11 L'homme

« L'homme est une chose sacrée pour l'homme. »

SÉNÈQUE.

Qu'est-ce qu'un homme ? Ce ne sont pas, dans l'histoire de la philosophie, les réponses qui manquent. L'homme est-il un animal politique, comme le voulait Aristote ? Un animal qui parle, comme il disait aussi ? Un animal à deux pieds sans plumes, comme l'affirmait plaisamment Platon ? Un animal raisonnable, comme le pensaient les stoïciens puis les scolastiques ? Un être qui rit (Rabelais), qui pense (Descartes), qui juge (Kant), qui travaille (Marx), qui crée (Bergson) ?

Aucune de ces réponses, ni leur somme, ne me paraît tout à fait satisfaisante. D'abord parce qu'elles sont, quant à leur extension, possiblement trop larges et certainement trop restreintes. Une bonne définition doit valoir pour tout le défini, et pour lui seul. Ce n'est pas le cas de celles, pourtant si fameuses, que je viens d'évoquer. Imaginons qu'on prouve l'existence, chez les dauphins ou chez tel ou tel extraterrestre, d'un langage, d'une organisation politique, d'une pensée, d'un travail, etc. Cela ne ferait pas du dauphin ou de l'extraterrestre un homme, pas plus que cela ne transformerait l'homme en cétacé ou en Martien. Puis que dire des anges, et de leur rire possible ?

Définitions trop larges, donc, puisqu'elles ne valent pas que pour le défini : un être peut vivre en société, parler, penser, juger, rire, produire ses moyens d'existence... sans faire partie pour autant de l'humanité. Mais les mêmes définitions sont aussi trop étroites, puisqu'elles ne valent pas pour tout le défini : le débile profond ne parle pas, ne raisonne pas, ne rit pas, ne juge pas, ne travaille pas, ne fait pas de politique... Il n'en est pas moins homme pour autant. Il vit en société ? Guère plus, et peut-être moins, que tel ou tel de nos animaux domestiques. Qui consentirait pour autant à le traiter comme une bête, fût-ce comme une bête bien traitée ? Qui voudrait le mettre dans un zoo ? On me dira qu'on a parfois fait pire, ce que chacun sait. Mais quel philosophe jugera cela acceptable ?

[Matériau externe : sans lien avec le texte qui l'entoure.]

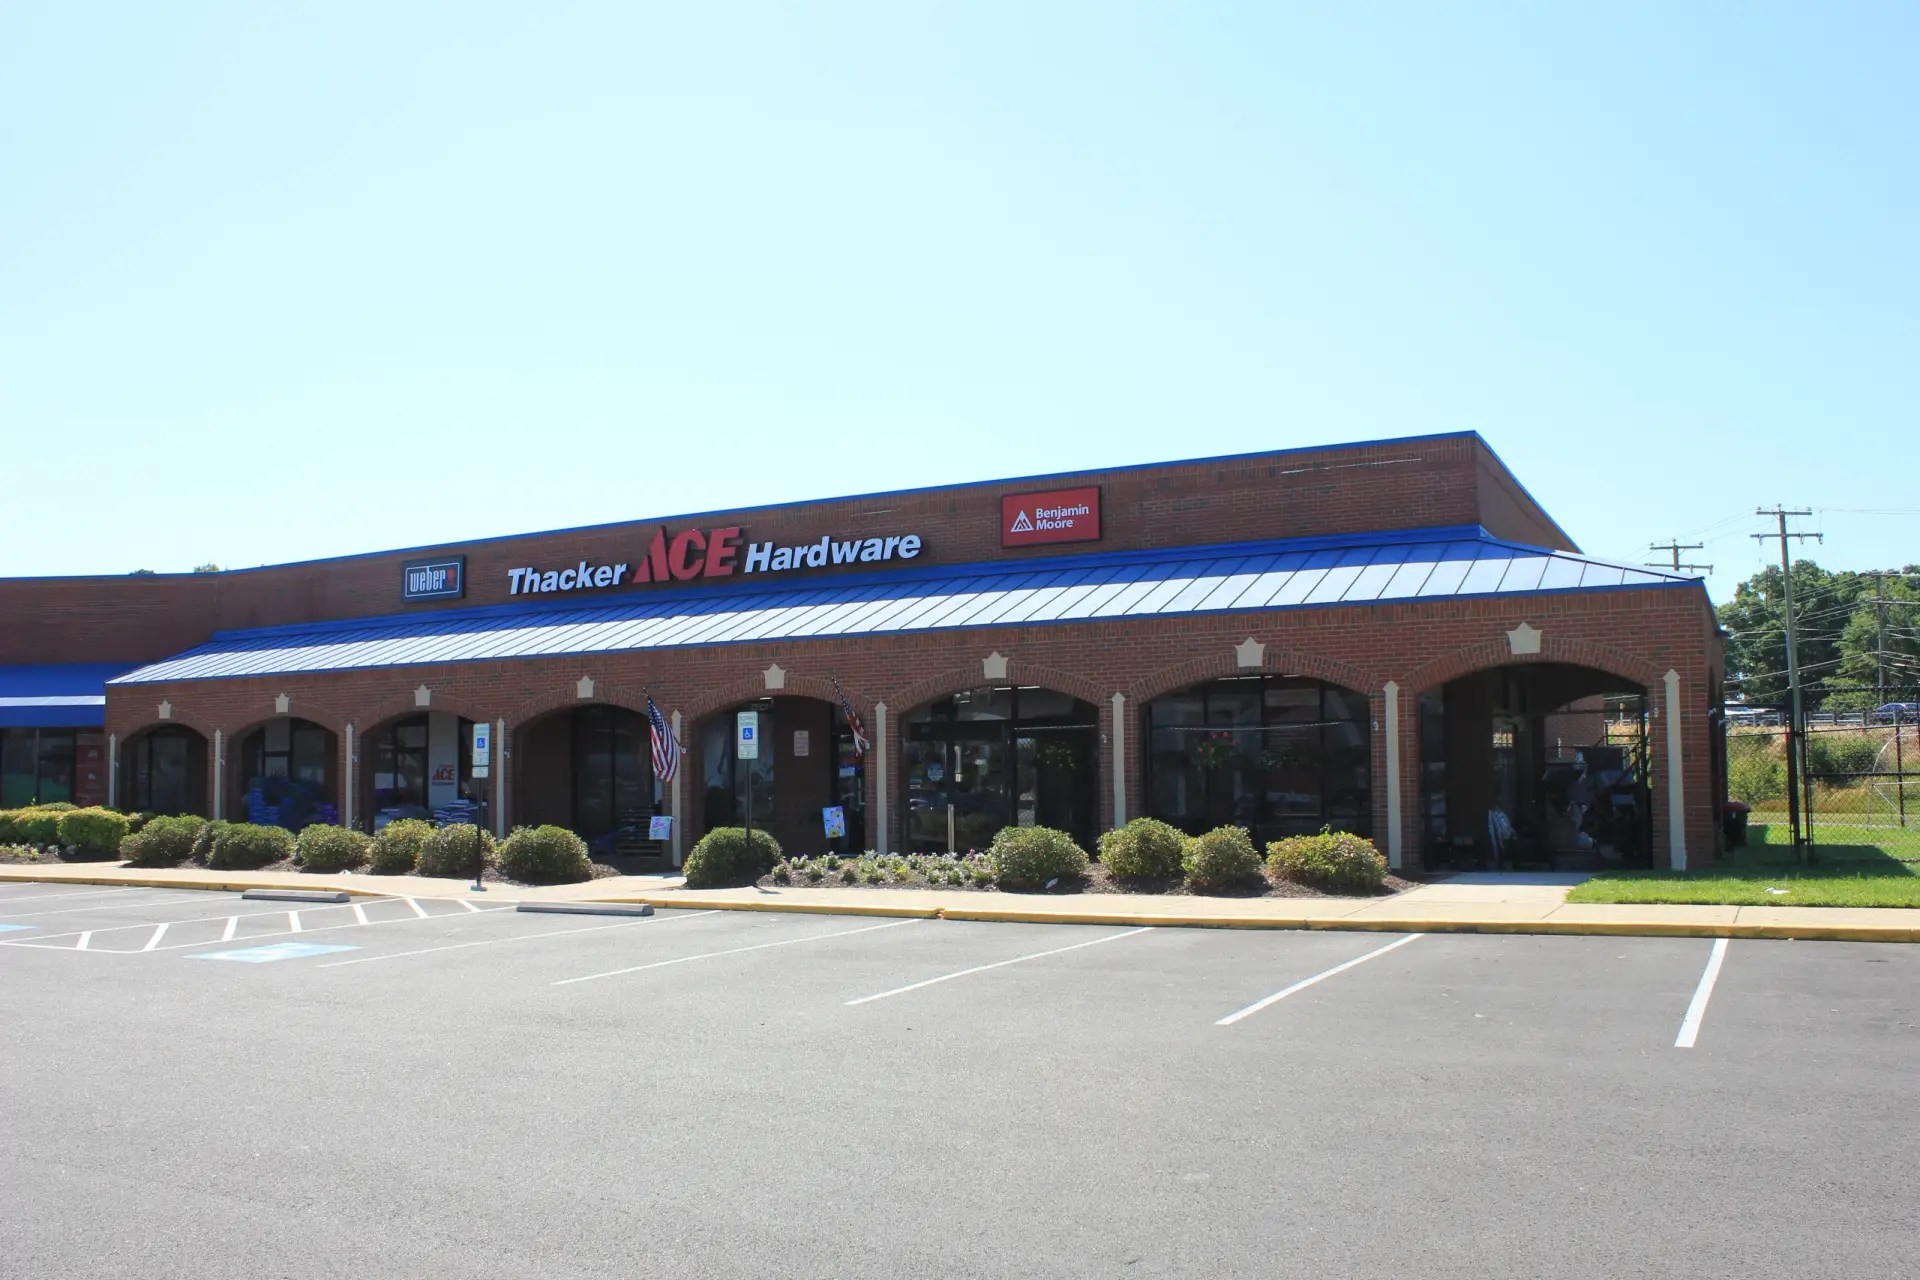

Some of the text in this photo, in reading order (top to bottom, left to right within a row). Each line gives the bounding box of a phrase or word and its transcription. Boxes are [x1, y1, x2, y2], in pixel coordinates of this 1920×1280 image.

Si le dauphin ou l'extraterrestre, même intelligents, ne sont pas des hommes, et si le débile profond en est un (c'est surtout, on l'a compris, ce dernier point qui m'importe), il faut en conclure que nos définitions fonctionnelles ou normatives ne sont pas les bonnes : un homme reste un homme, même quand il a cessé de fonctionner normalement. C'est dire que les fonctions ni les normes ne sauraient valoir comme définition. L'humanité ne se définit pas par ce qu'elle fait ou sait faire. Par ce qu'elle est ? Sans doute. Mais qu'est-elle ? Ni la raison, ni la politique, ni le rire, ni le travail, ni quelque faculté que ce soit, ne sont le propre de l'homme. L'homme n'a pas de propre, ou aucun propre, en tout cas, ne suffit à le définir.

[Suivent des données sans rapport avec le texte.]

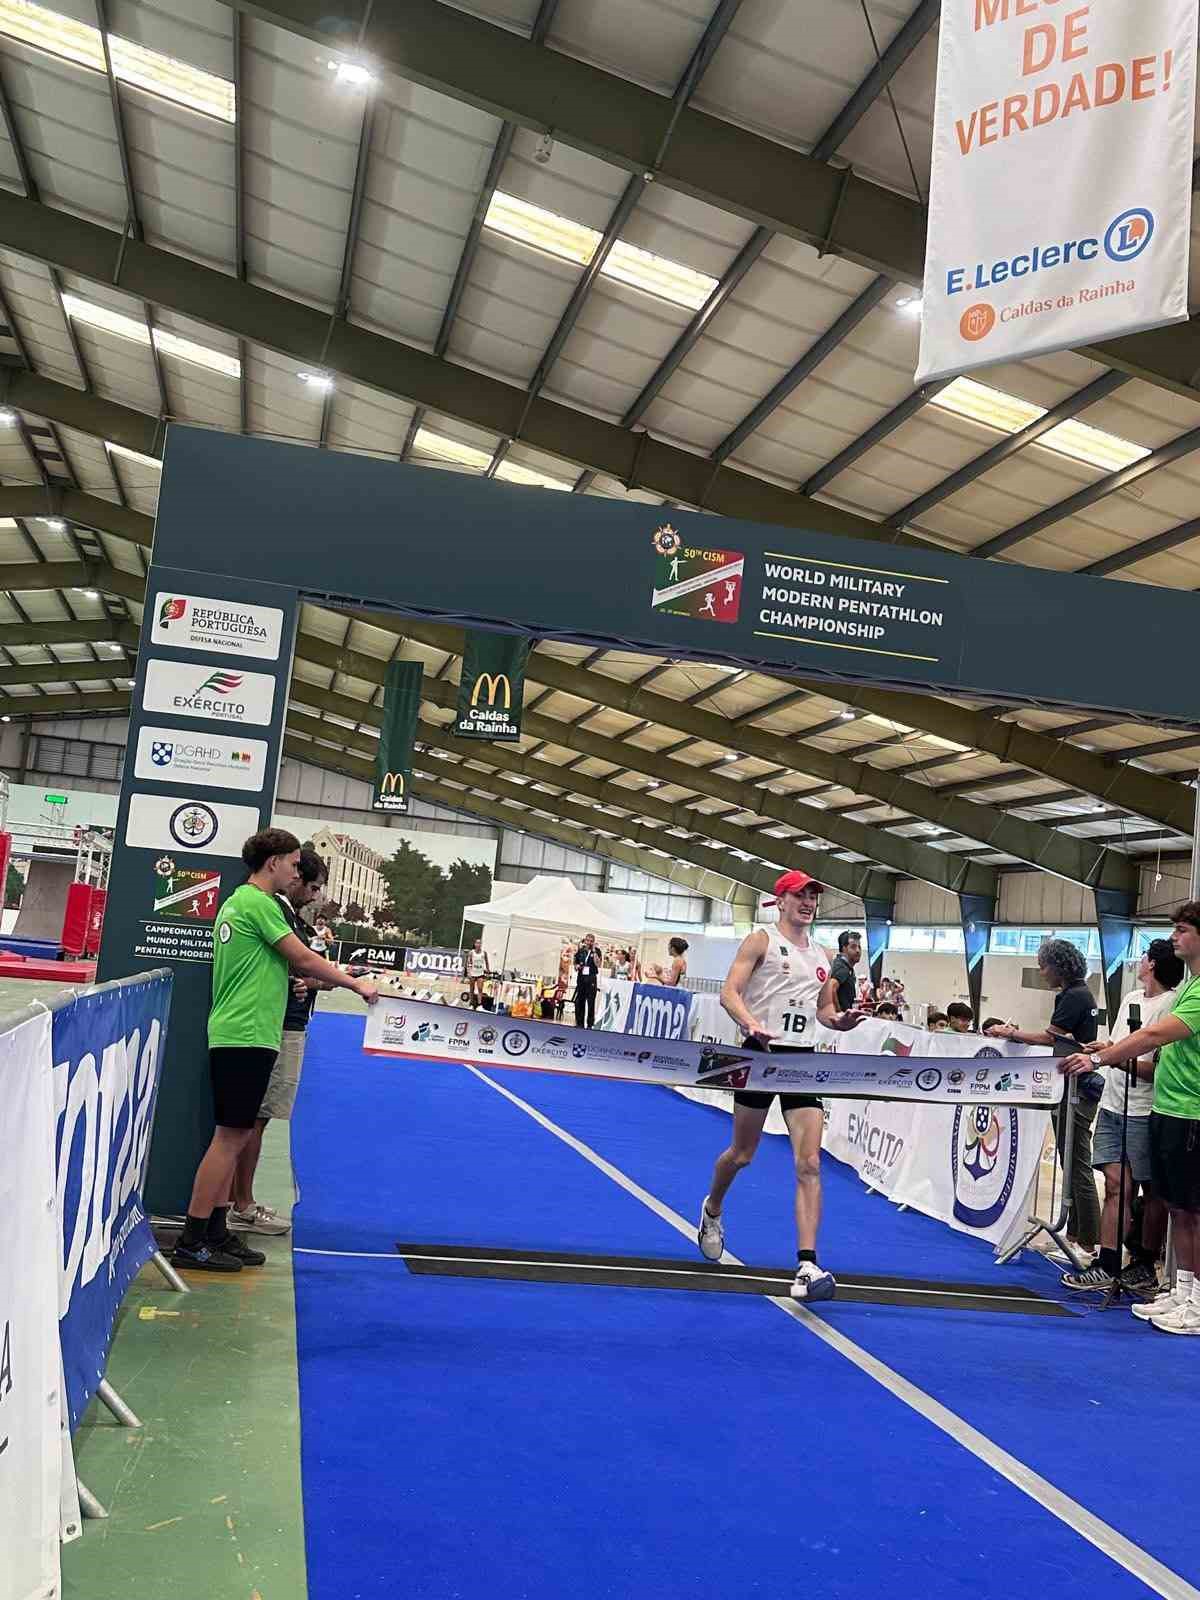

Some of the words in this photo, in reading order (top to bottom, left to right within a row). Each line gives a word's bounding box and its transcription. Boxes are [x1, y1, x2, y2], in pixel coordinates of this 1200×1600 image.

[1022, 6, 1090, 76] DE
[954, 48, 1174, 156] VERDADE!
[946, 237, 1099, 295] E.Leclerc
[1000, 298, 1053, 324] Caldas
[1055, 294, 1075, 309] da
[1078, 279, 1137, 304] Rainha
[703, 551, 725, 564] CISM
[764, 563, 826, 586] WORLD
[829, 573, 905, 598] MILITARY
[761, 586, 836, 610] MODERN
[838, 594, 944, 627] PENTATHLON
[192, 607, 255, 626] REPÚBLICA
[759, 609, 886, 641] CHAMPIONSHIP
[191, 617, 267, 638] PORTUGUESA
[469, 709, 510, 722] Caldas
[459, 719, 474, 731] da
[476, 720, 518, 734] Rainha
[379, 795, 403, 803] Caldas
[383, 803, 406, 811] Rainha
[145, 925, 203, 937] CAMPEONATO
[135, 946, 178, 956] PENTATLO
[146, 936, 179, 946] MUNDO
[180, 939, 213, 949] MILITAR
[367, 949, 396, 962] RAM
[782, 1012, 808, 1034] 1B
[448, 1038, 470, 1047] FPPM

C'est ce qu'avait vu Diderot. À l'article « Homme » de l'Encyclopédie, il esquisse une définition

« C'est un être sentant, réfléchissant, pensant, qui se promène librement sur la surface de la terre, qui paraît être à la tête de tous les autres animaux sur lesquels il domine, qui vit en société, qui a inventé des sciences et des arts, qui a une bonté et une méchanceté qui lui sont propres, qui s'est donné des maîtres, qui s'est fait des lois, etc. » Cette définition a les mêmes qualités et les mêmes faiblesses que celles d'où nous étions partis. Mais Diderot le sait. Et la fin de sa définition fait comme un sourire, qui l'éclaire et l'annule : « Ce mot n'a de signification précise qu'autant qu'il nous rappelle tout ce que nous sommes ; mais ce que nous sommes ne peut pas être compris dans une définition. »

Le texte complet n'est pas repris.